Start of EXERCISE DATA

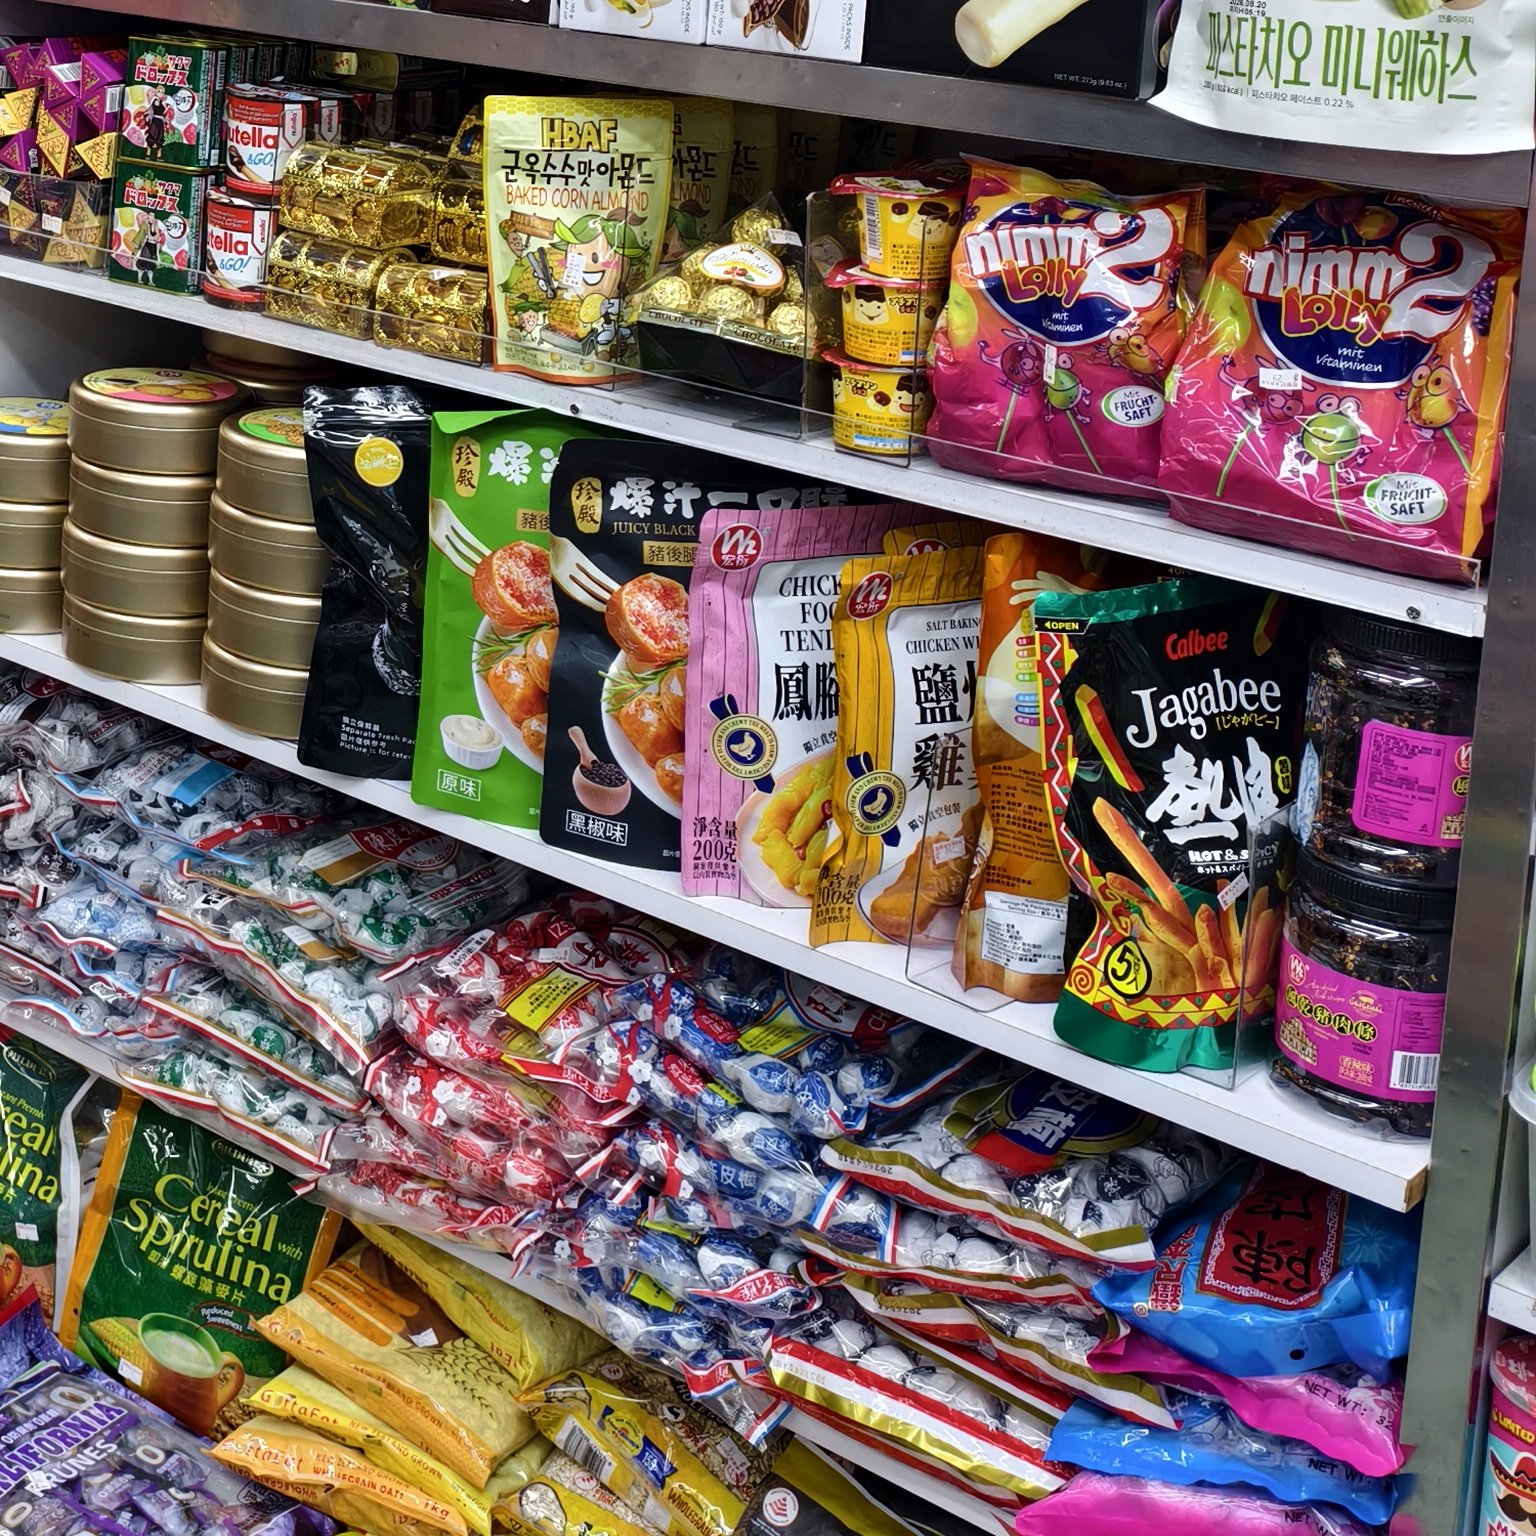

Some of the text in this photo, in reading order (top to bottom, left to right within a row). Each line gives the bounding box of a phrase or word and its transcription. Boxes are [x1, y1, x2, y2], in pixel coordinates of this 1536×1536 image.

[1206, 10, 1478, 104] 피스타치오 미니웨하스
[540, 116, 619, 154] HBAF
[505, 184, 649, 212] BAKED CORN ALMOND
[1003, 259, 1088, 308] Lolly
[1279, 286, 1394, 344] Lolly
[1314, 354, 1384, 373] Vitaminen
[1123, 406, 1153, 423] SAFT
[1389, 500, 1426, 518] SAFT
[612, 520, 696, 537] JUICY BLACK
[926, 619, 948, 633] SALT
[1050, 620, 1081, 633] OPEN
[905, 638, 959, 655] CHICKEN
[1165, 628, 1229, 662] Calbee
[1124, 666, 1283, 748] Jagabee
[341, 725, 400, 743] Separate Fresh
[339, 741, 367, 755] Picture
[440, 773, 478, 799] 原味
[692, 838, 737, 863] 200克
[1187, 849, 1221, 864] HOT
[153, 1171, 305, 1262] Cereal with
[122, 1196, 294, 1305] Spirulina
[1303, 1379, 1331, 1397] NET
[1498, 1416, 1536, 1444] LIMITED

End of EXERCISE DATA

- **YOUR TASK**: Each entry above has to be set down again verbatim, except for its pictures.

- **ANSWER TO THIS PROBLEM**:
Some of the text in this photo, in reading order (top to bottom, left to right within a row). Each line gives the bounding box of a phrase or word and its transcription. Boxes are [x1, y1, x2, y2], in pixel coordinates of this 1536×1536 image.

[1206, 10, 1478, 104] 피스타치오 미니웨하스
[540, 116, 619, 154] HBAF
[505, 184, 649, 212] BAKED CORN ALMOND
[1003, 259, 1088, 308] Lolly
[1279, 286, 1394, 344] Lolly
[1314, 354, 1384, 373] Vitaminen
[1123, 406, 1153, 423] SAFT
[1389, 500, 1426, 518] SAFT
[612, 520, 696, 537] JUICY BLACK
[926, 619, 948, 633] SALT
[1050, 620, 1081, 633] OPEN
[905, 638, 959, 655] CHICKEN
[1165, 628, 1229, 662] Calbee
[1124, 666, 1283, 748] Jagabee
[341, 725, 400, 743] Separate Fresh
[339, 741, 367, 755] Picture
[440, 773, 478, 799] 原味
[692, 838, 737, 863] 200克
[1187, 849, 1221, 864] HOT
[153, 1171, 305, 1262] Cereal with
[122, 1196, 294, 1305] Spirulina
[1303, 1379, 1331, 1397] NET
[1498, 1416, 1536, 1444] LIMITED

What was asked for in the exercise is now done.